The core idea here is that the famous Nea Sion notice is real and bibliographically solid, but much less “independent” than it first looks, because it is largely a mediated echo of the discoverer’s own description rather than a fresh, on-site account by someone else. Nea Sion 52 (1960) really did publish an article titled “Hellenika Cheirographa en tei Monei tou Hagiou Sabba,” describing Greek manuscripts at Mar Saba, including the volume that later became central to the debate.
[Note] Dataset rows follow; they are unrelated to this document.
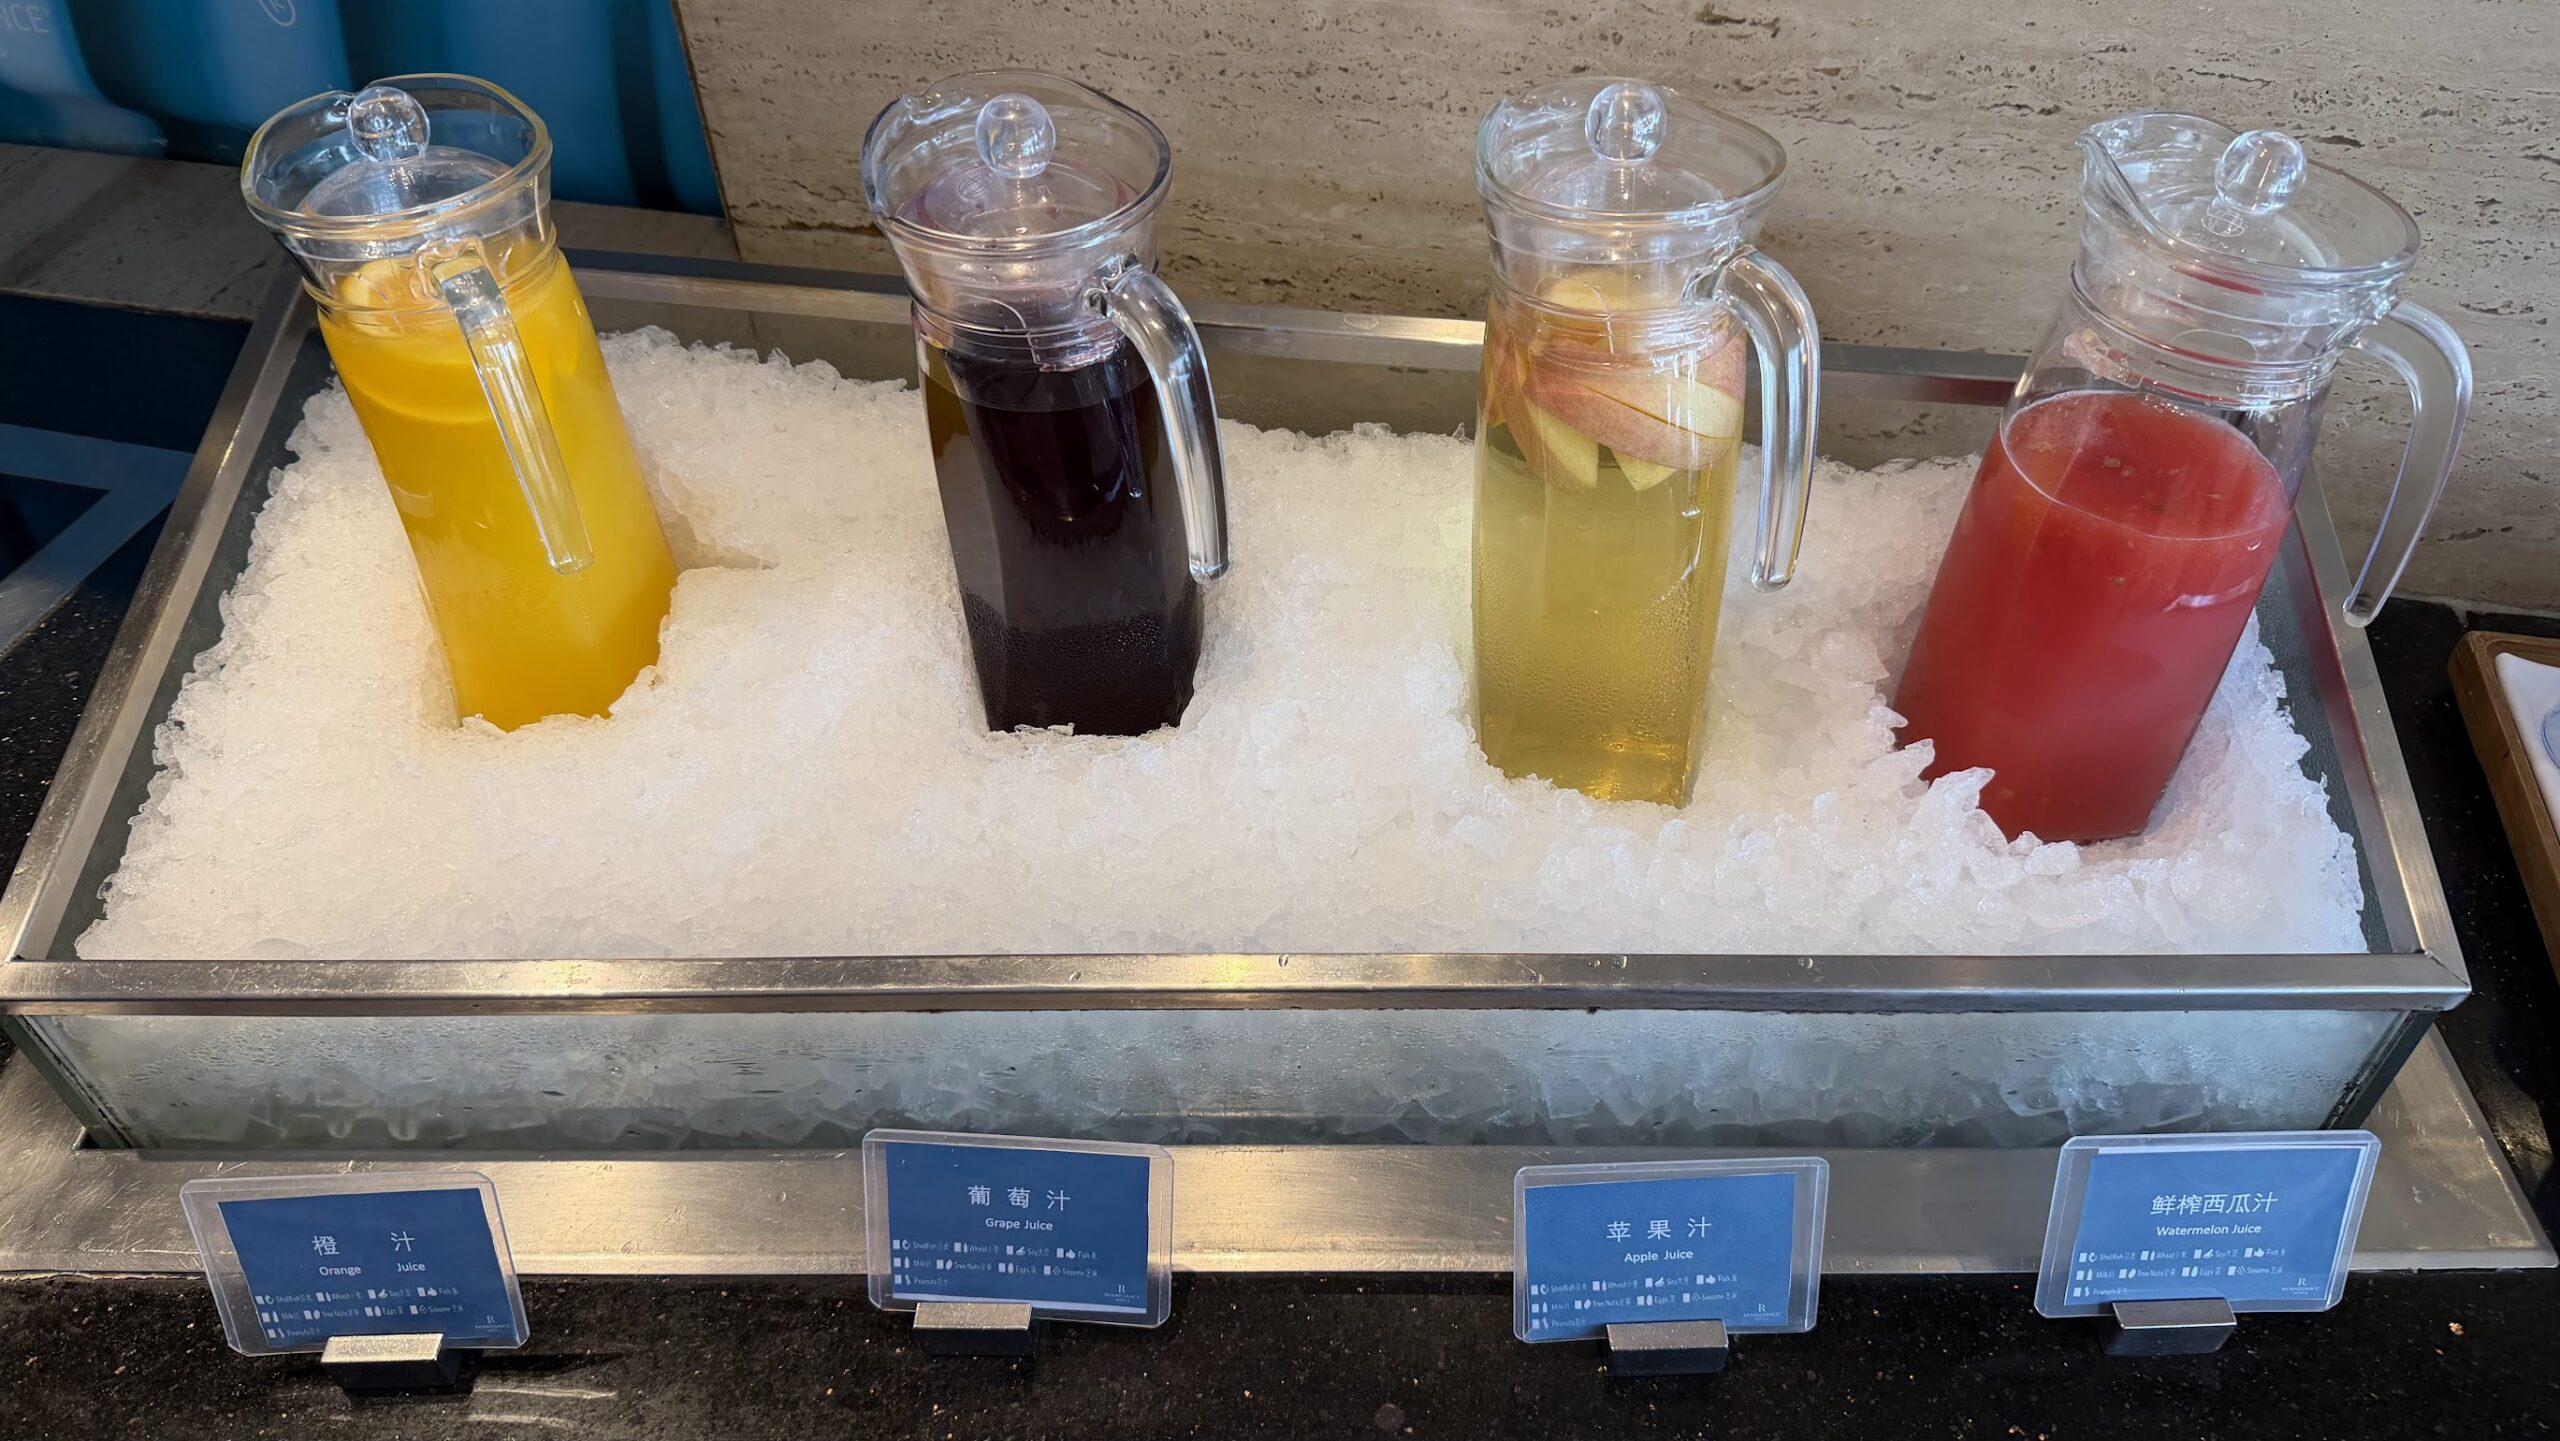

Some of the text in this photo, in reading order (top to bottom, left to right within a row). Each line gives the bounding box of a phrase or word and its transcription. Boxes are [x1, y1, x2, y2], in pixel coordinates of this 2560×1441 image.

[968, 1185, 1071, 1211] 葡萄汁
[2150, 1192, 2278, 1216] 鲜榨西瓜汁
[985, 1217, 1054, 1230] Grape Juice
[1606, 1216, 1712, 1242] 苹果汁
[2157, 1224, 2262, 1236] Watermelon Juice
[1624, 1250, 1694, 1264] Apple Juice
[319, 1262, 425, 1276] Orange Juice
The issue and page spans are well documented: Nea Sion 52 (1960), pp. 110–125 and 245–256. 

Later archival work shows that the text printed there was not simply a cleaned-up version of notes taken in the monastery, but a translation chain: the original Greek marginalia and shelf notes were transcribed and translated into English by the discoverer, and that English report was then translated and edited into modern Greek by Archimandrite Constantine Michaelides for publication in Nea Sion. One can even see the discoverer’s irritated marginal comment on the printed article calling it a “Retranslation to Gk. of my Eng. Translation!”, written next to corrections he made to the Nea Sion text in his own file copy. 

That chain of dependence matters for how the notice is weighed in arguments about authenticity. On the one hand, the Nea Sion piece is strong evidence that the Patriarchate was officially informed in 1960, that the volume was catalogued under a specific manuscript number, and that some description of its contents entered an ecclesiastical publication quickly after the find. On the other hand, because the wording ultimately goes back to a report drafted by the same person who made the discovery, it cannot function as truly independent corroboration of what was seen on the end-papers or how the text was read; it is more an institutionalized restatement of his own account, filtered through editorial choices in modern Greek. The article still has value as proof of timely notification and as an archival pointer, but in terms of external control on the contents of the Clementine letter, the evidentiary weight remains with the photographs and later full publications rather than with this brief, mediated notice.

A compact line from the period sums up what the 1960 article itself claimed to be doing: “Ἑλληνικὰ χειρόγραφα ἐν τῇ μονῇ τοῦ ἁγίου Σάββα” – “Greek manuscripts in the monastery of Saint Sabas” – a title that promises a straightforward catalogue, but, as the translation chain shows, also hides how much of that “catalogue” was already shaped by one intermediary pen.